Let $F$ be a group which is strongly type $F_\infty$ in the sense that every subgroup is of type $F_\infty$. Here, type $F_\infty$ means that the group admits a classifying space with compact skeleta.
Consider the semidirect product $B_k\ltimes F^k$ where $B_k$ is the braid group on $k$ strands. Think of its elements as braids with strands labelled with elements of $F$. It is of type $F_\infty$ because $B_k$ and $F$ are of type $F_\infty$ and (semi)direct products of type $F_\infty$ groups are of type $F_\infty$.

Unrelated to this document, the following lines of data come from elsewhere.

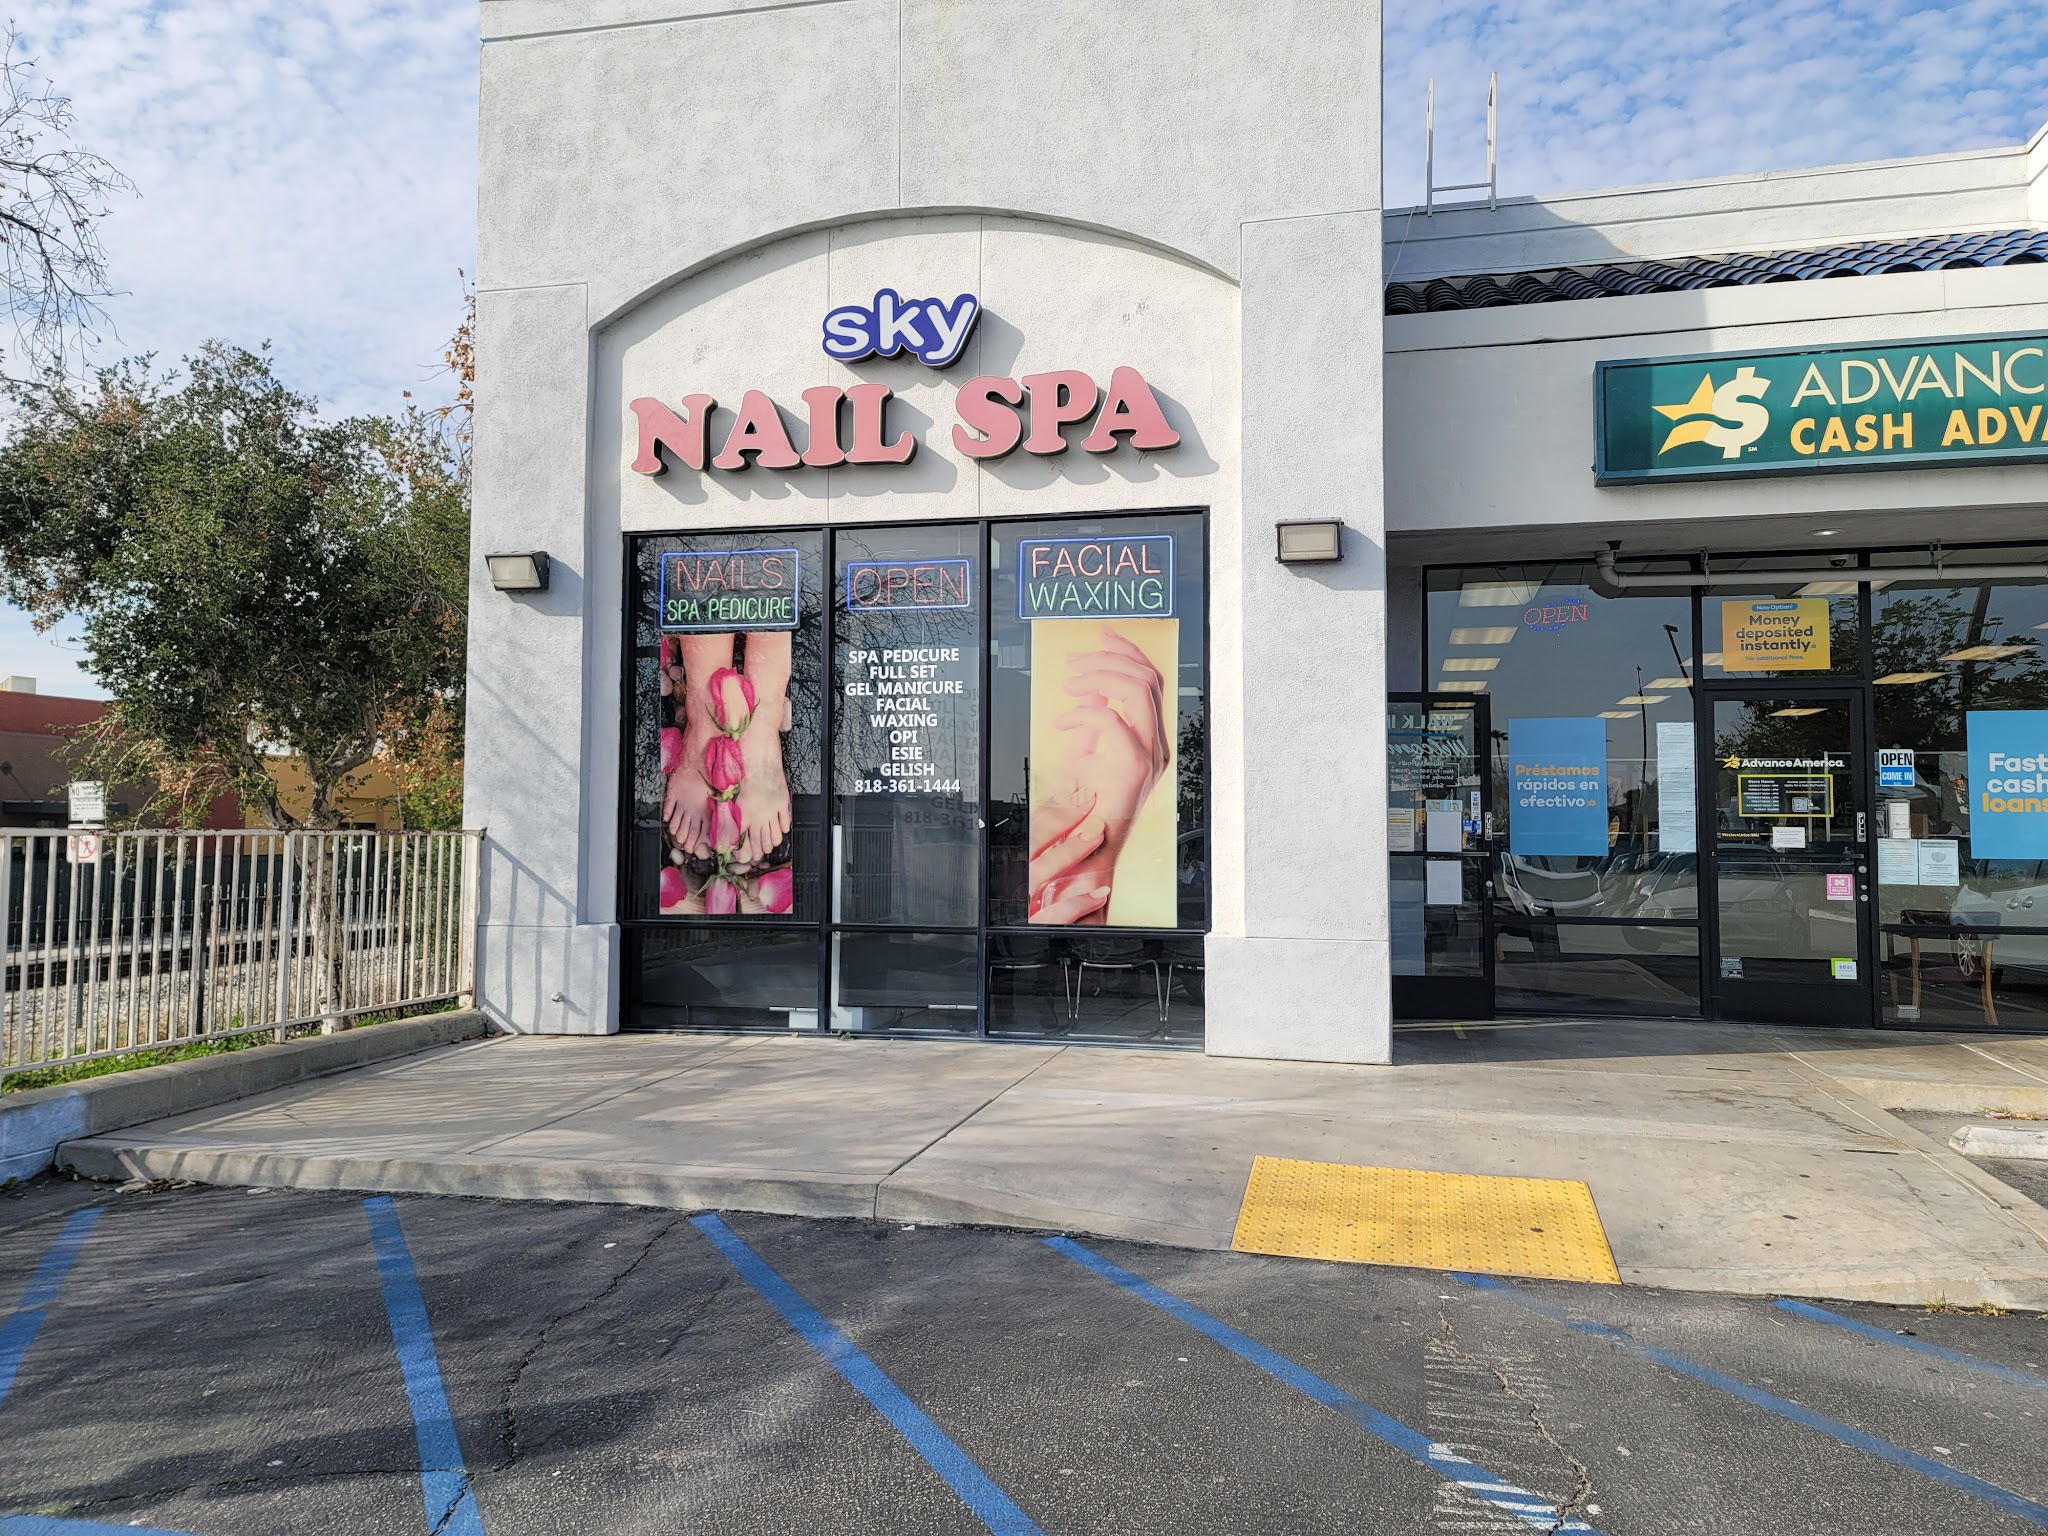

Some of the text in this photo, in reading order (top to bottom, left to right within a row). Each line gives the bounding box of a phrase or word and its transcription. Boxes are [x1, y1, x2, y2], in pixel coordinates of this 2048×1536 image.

[822, 288, 980, 368] sky
[630, 365, 1181, 474] NAIL SPA
[1790, 404, 2048, 455] CASH ADV
[1031, 544, 1161, 578] FACIAL
[676, 557, 784, 591] NAILS
[853, 566, 965, 605] OPEN
[1028, 578, 1163, 612] WAXING
[667, 596, 793, 621] SPA PEDICURE
[1523, 604, 1589, 626] OPEN
[1770, 603, 1794, 611] Option!
[1749, 614, 1801, 628] Money
[1735, 625, 1814, 642] deposited
[1740, 638, 1811, 653] instantly
[848, 648, 960, 664] SPA PEDICURE
[869, 665, 938, 680] FULL SET
[845, 680, 964, 696] GEL MANICURE
[876, 698, 931, 711] FACIAL
[870, 713, 938, 728] WAXING
[889, 730, 918, 744] OPI
[891, 746, 923, 760] ESIE
[1881, 753, 1913, 766] OPEN
[880, 762, 935, 777] GELISH
[1515, 764, 1600, 776] Préstamos
[1989, 752, 2048, 772] Fast
[1882, 771, 1912, 780] COME IN
[1986, 773, 2048, 793] cash
[854, 779, 961, 793] 818-361-1444
[1516, 778, 1599, 794] rápidos en
[1520, 795, 1586, 807] efectivo
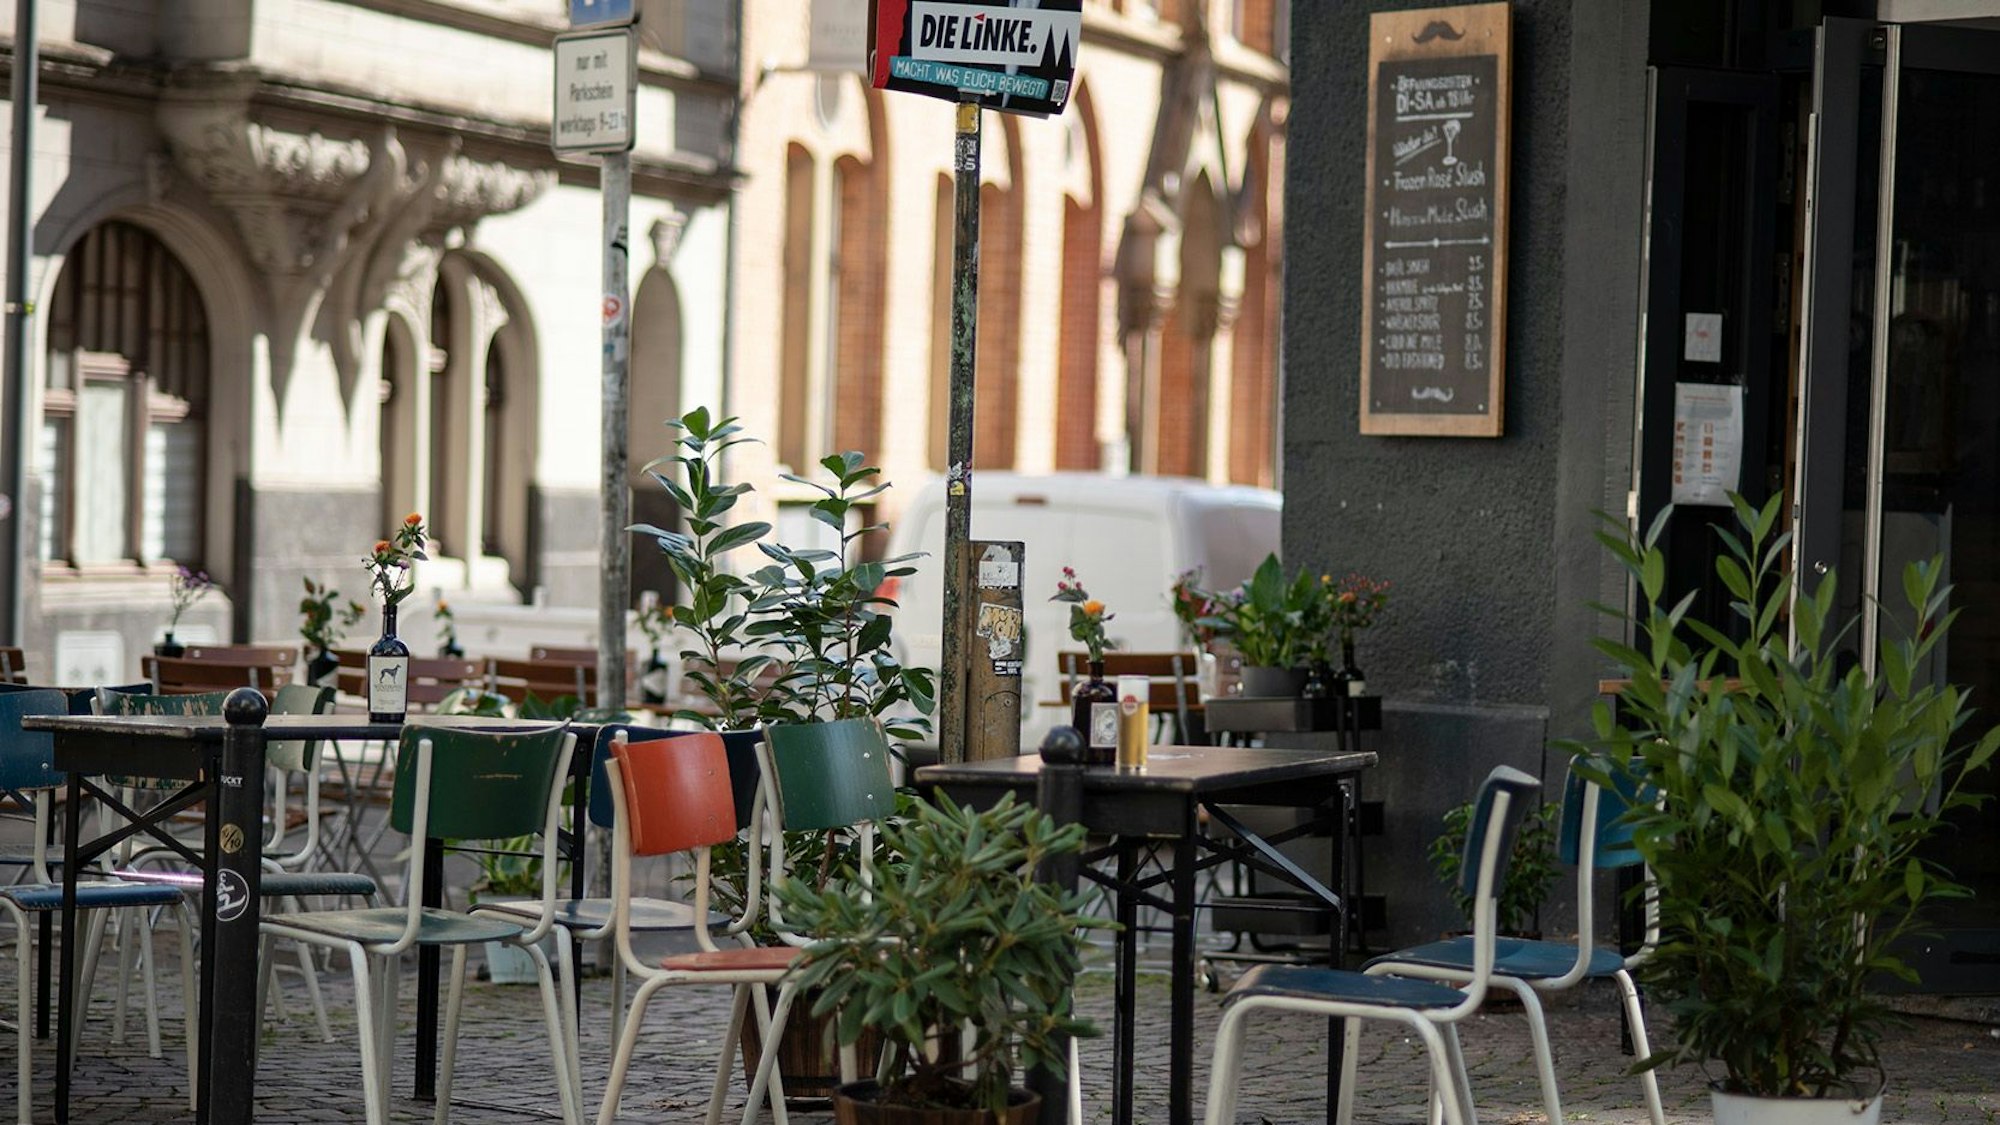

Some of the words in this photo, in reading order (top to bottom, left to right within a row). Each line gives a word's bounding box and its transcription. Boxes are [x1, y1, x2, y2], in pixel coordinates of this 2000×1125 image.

[920, 14, 959, 49] DIE
[576, 56, 590, 70] nur
[594, 50, 608, 69] mit
[570, 82, 613, 102] Parkschein
[935, 67, 959, 85] WAS
[964, 71, 995, 89] EUCH
[998, 77, 1046, 98] BEWEGT!
[560, 113, 596, 137] werktags
[1455, 161, 1486, 187] Slush
[1455, 196, 1487, 222] Slush
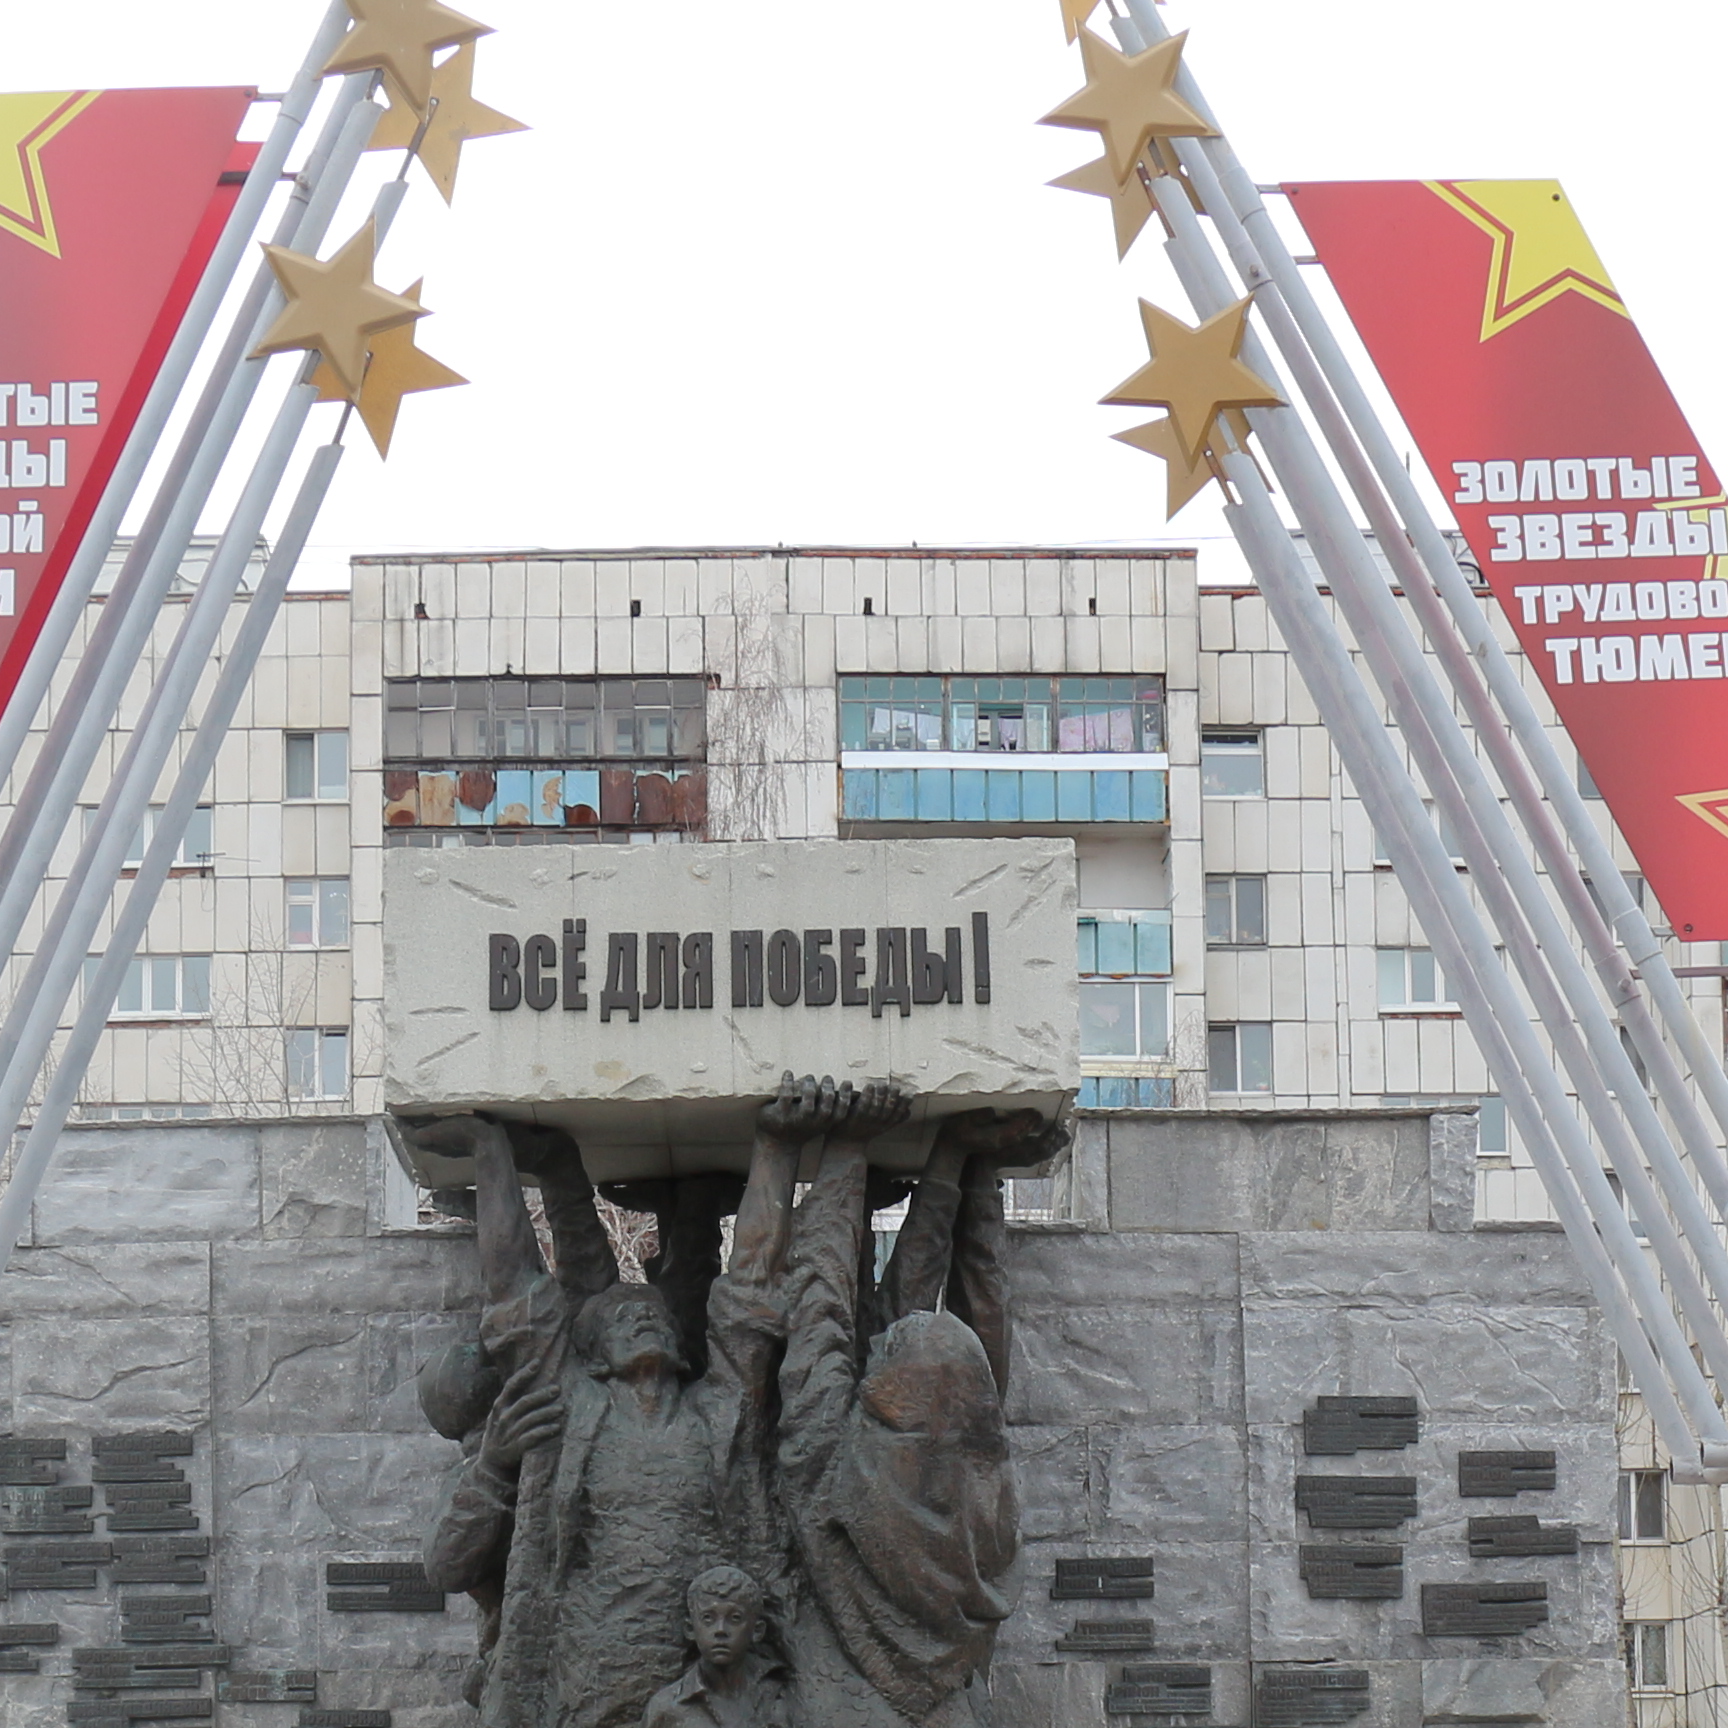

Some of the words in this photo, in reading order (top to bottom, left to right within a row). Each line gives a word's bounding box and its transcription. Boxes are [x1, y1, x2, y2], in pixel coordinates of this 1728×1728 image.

[1452, 456, 1701, 503] ЗОЛОТЫЕ
[489, 918, 588, 1011] ВСЁ
[600, 932, 713, 1023] ДЛЯ
[731, 911, 991, 1019] ПОБЕДЫ!

Let $H,G<F$ be subgroups. Then the subgroups $B_k\ltimes H^k$ and $B_k\ltimes G^k$ of $B_k\ltimes F^k$ are of type $F_\infty$ because $H$ and $G$ are. Also, the intersection $B_k\ltimes H^k\cap B_k\ltimes G^k$ is of type $F_\infty$ because it is $B_k\ltimes(H\cap G)^k$.
Now let $\alpha\in F^k$. I guess that the intersection $$\alpha(B_k\ltimes H^k)\alpha^{-1}\cap(B_k\ltimes G^k)$$ is of type $F_\infty$. Is it true? Is there an easy argument?